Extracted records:
***

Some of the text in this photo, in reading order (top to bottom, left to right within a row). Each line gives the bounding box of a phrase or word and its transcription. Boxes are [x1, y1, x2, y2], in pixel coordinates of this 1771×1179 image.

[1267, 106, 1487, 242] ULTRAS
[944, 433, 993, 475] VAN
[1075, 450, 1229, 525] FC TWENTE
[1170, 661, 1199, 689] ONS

***

Exercise requirements » Copy the data above in full, exactly as it reads.

Result for this exercise »
Some of the text in this photo, in reading order (top to bottom, left to right within a row). Each line gives the bounding box of a phrase or word and its transcription. Boxes are [x1, y1, x2, y2], in pixel coordinates of this 1771×1179 image.

[1267, 106, 1487, 242] ULTRAS
[944, 433, 993, 475] VAN
[1075, 450, 1229, 525] FC TWENTE
[1170, 661, 1199, 689] ONS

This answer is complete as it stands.